The overall parameters have been divided into 3 categories by XGBoost authors:
- General Parameters: Guide the overall functioning
- Booster Parameters: Guide the individual booster (tree/regression) at each step
- Learning Task Parameters: Guide the optimization performed
general parameters
- booster [default=gbtree](基分類器類型)
- Select the type of model to run at each iteration. It has 2 options:
- gbtree: tree-based models
- gblinear: linear models
- Select the type of model to run at each iteration. It has 2 options:
- silent [default=0]:
- Silent mode is activated if set to 1, i.e. no running messages will be printed.
- It’s generally good to keep it 0 as the messages might help in understanding the model.
- nthread [default to maximum number of threads available if not set]
- This is used for parallel processing and number of cores in the system should be entered
- If you wish to run on all cores, value should not be entered and algorithm will detect automatically
booster parameters
Though there are 2 types of boosters, I’ll consider only tree booster here because it always outperforms the linear booster and thus the later is rarely used.
- eta [default=0.3](學習率,非常重要的參數)
- Analogous to learning rate in GBM
- Makes the model more robust by shrinking the weights on each step
- Typical final values to be used: 0.01-0.2
- min_child_weight [default=1](控制過擬合,如果太大會導致欠擬合)
- Defines the minimum sum of weights of all observations required in a child.(葉子節點中實例數 * 葉子節點的score)
- This is similar to min_child_leaf in GBM but not exactly.
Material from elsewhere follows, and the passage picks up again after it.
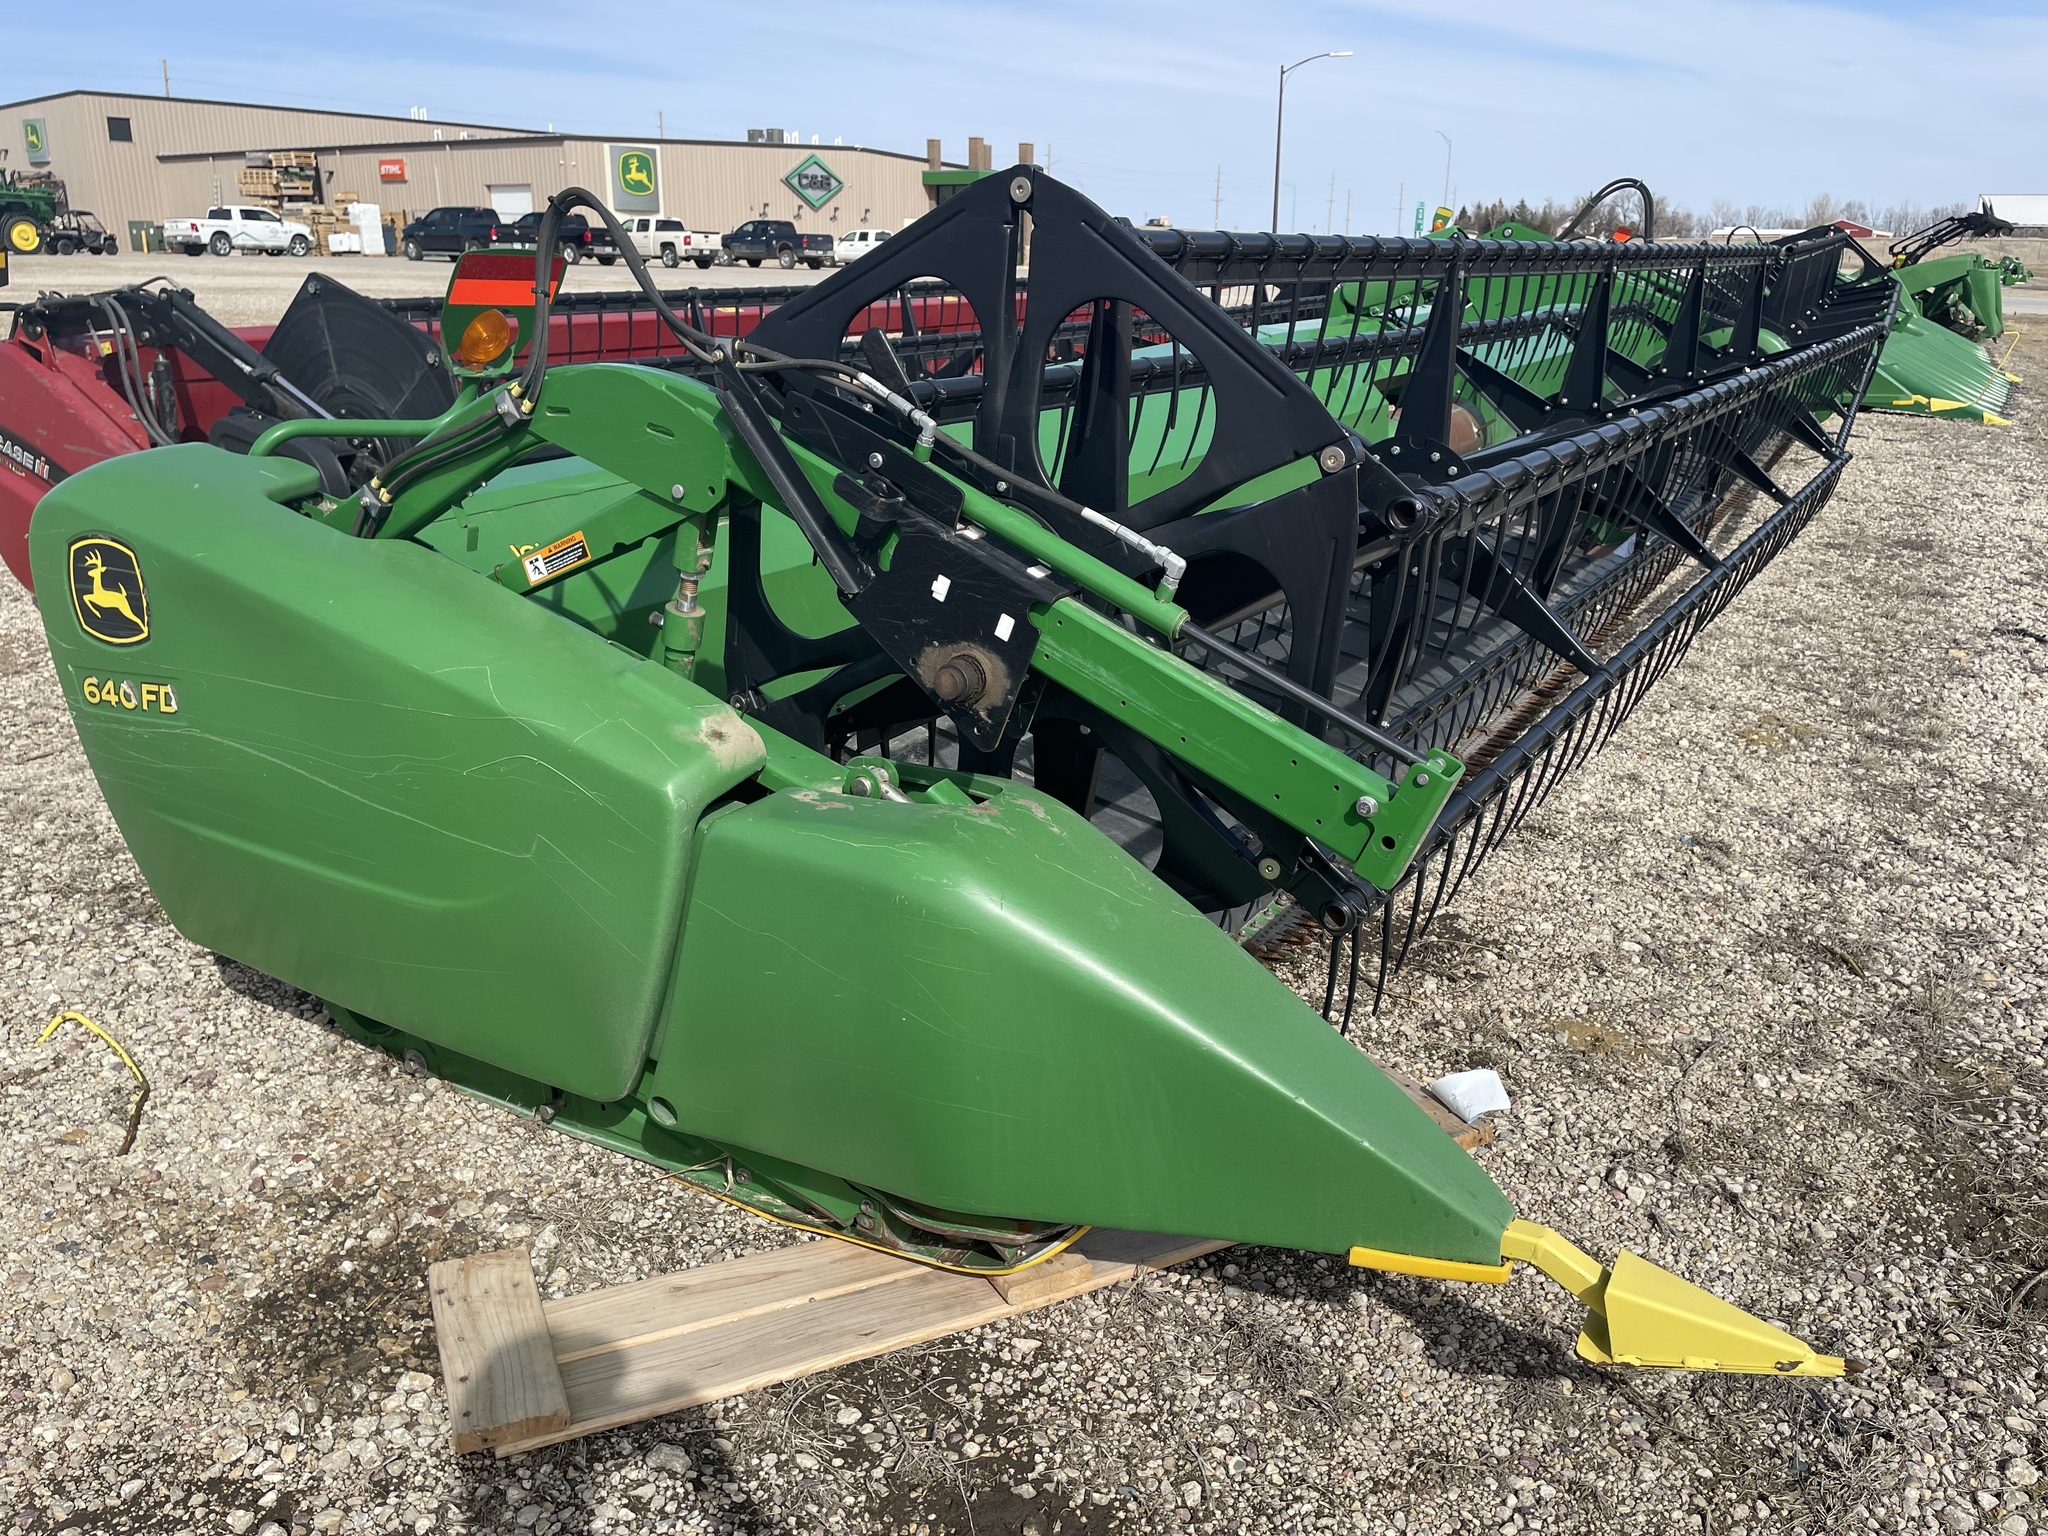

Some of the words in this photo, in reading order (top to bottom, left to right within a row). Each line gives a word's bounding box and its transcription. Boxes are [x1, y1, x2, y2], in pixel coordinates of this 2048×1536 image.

[380, 164, 402, 175] STIHL
[798, 173, 832, 191] C&B
[553, 535, 577, 550] WARNING
This refers to min “sum of weights” of observations while GBM has min “number of observations”.
- Used to control over-fitting. Higher values prevent a model from learning relations which might be highly specific to the particular sample selected for a tree.
- Too high values can lead to under-fitting hence, it should be tuned using CV.
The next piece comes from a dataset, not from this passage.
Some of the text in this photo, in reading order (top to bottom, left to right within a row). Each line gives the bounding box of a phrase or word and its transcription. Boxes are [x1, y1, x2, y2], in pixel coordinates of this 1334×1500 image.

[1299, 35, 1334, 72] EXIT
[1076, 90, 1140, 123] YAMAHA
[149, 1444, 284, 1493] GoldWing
- max_depth [default=6](最大深度,一般增加特征,深度變小)
- The maximum depth of a tree, same as GBM.
- Used to control over-fitting as higher depth will allow model to learn relations very specific to a particular sample.
- Should be tuned using CV.
- Typical values: 3-10
- max_leaf_nodes
- The maximum number of terminal nodes or leaves in a tree.
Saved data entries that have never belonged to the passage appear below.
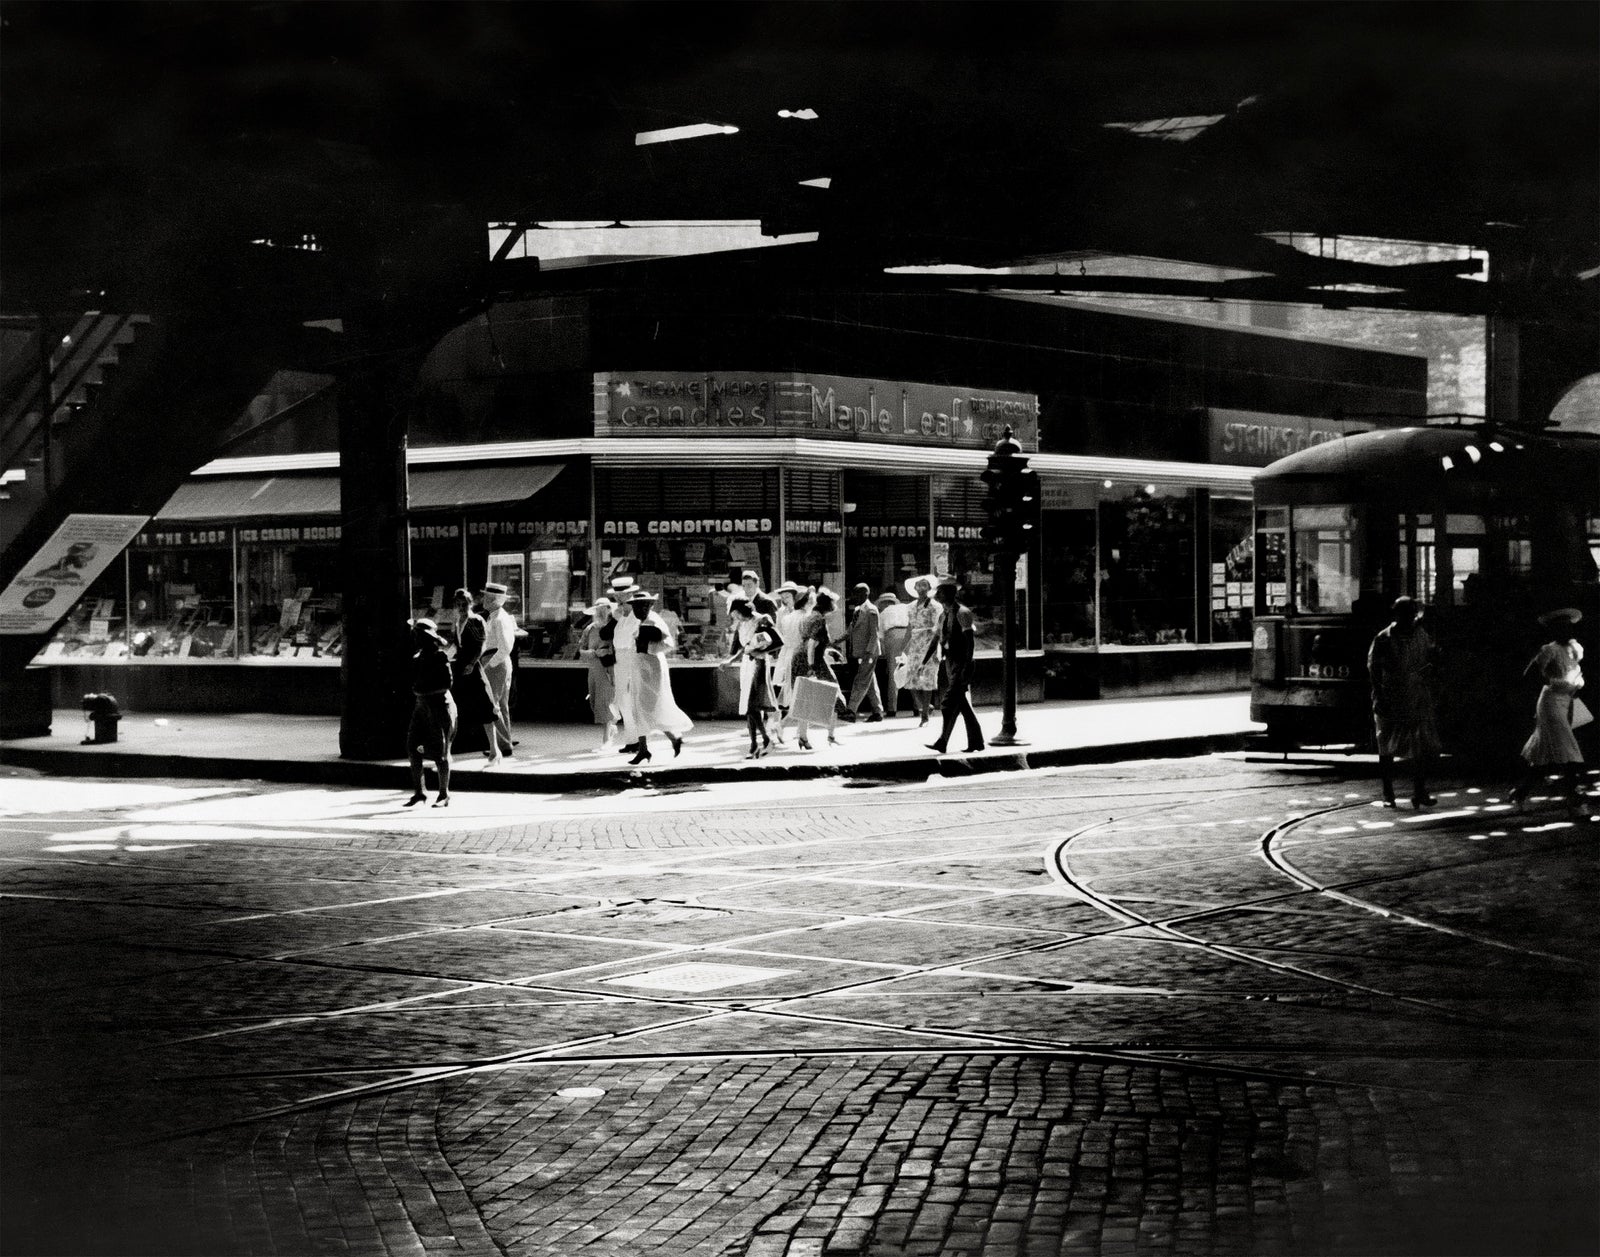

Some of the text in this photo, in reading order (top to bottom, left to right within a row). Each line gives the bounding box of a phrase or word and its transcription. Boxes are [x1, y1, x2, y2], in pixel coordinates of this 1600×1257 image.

[713, 381, 769, 396] MADE
[811, 386, 962, 441] Maple Leaf
[469, 520, 588, 535] EAT IN COMFORT
[603, 518, 772, 534] AIR CONDITIONED
[785, 520, 821, 533] SMARTEST
[862, 525, 927, 538] COMFORT
[936, 525, 956, 539] AIR
[156, 532, 182, 545] THE
[190, 530, 226, 545] LOOP
[239, 529, 258, 542] ICE
[261, 527, 300, 541] CREAM
- Can be defined in place of max_depth. Since binary trees are created, a depth of ‘n’ would produce a maximum of 2^n leaves.
- If this is defined, GBM will ignore max_depth.
- gamma [default=0](分裂所需的最小損失減少值)
- A node is split only when the resulting split gives a positive reduction in the loss function. Gamma specifies the minimum loss reduction required to make a split.
- Makes the algorithm conservative. The values can vary depending on the loss function and should be tuned.
- max_delta_step [default=0]
- In maximum delta step we allow each tree’s weight estimation to be. If the value is set to 0, it means there is no constraint. If it is set to a positive value, it can help making the update step more conservative.
- Usually this parameter is not needed, but it might help in logistic regression when class is extremely imbalanced.
- This is generally not used but you can explore further if you wish.
- subsample [default=1](樣本采樣的比例,防止過擬合)
- Same as the subsample of GBM. Denotes the fraction of observations to be randomly samples for each tree.
- Lower values make the algorithm more conservative and prevents overfitting but too small values might lead to under-fitting.
- Typical values: 0.5-1
- colsample_bytree [default=1](特征采樣的比例,防止過擬合)
- Similar to max_features in GBM. Denotes the fraction of columns to be randomly samples for each tree.
- Typical values: 0.5-1
- colsample_bylevel [default=1]
- Denotes the subsample ratio of columns for each split, in each level.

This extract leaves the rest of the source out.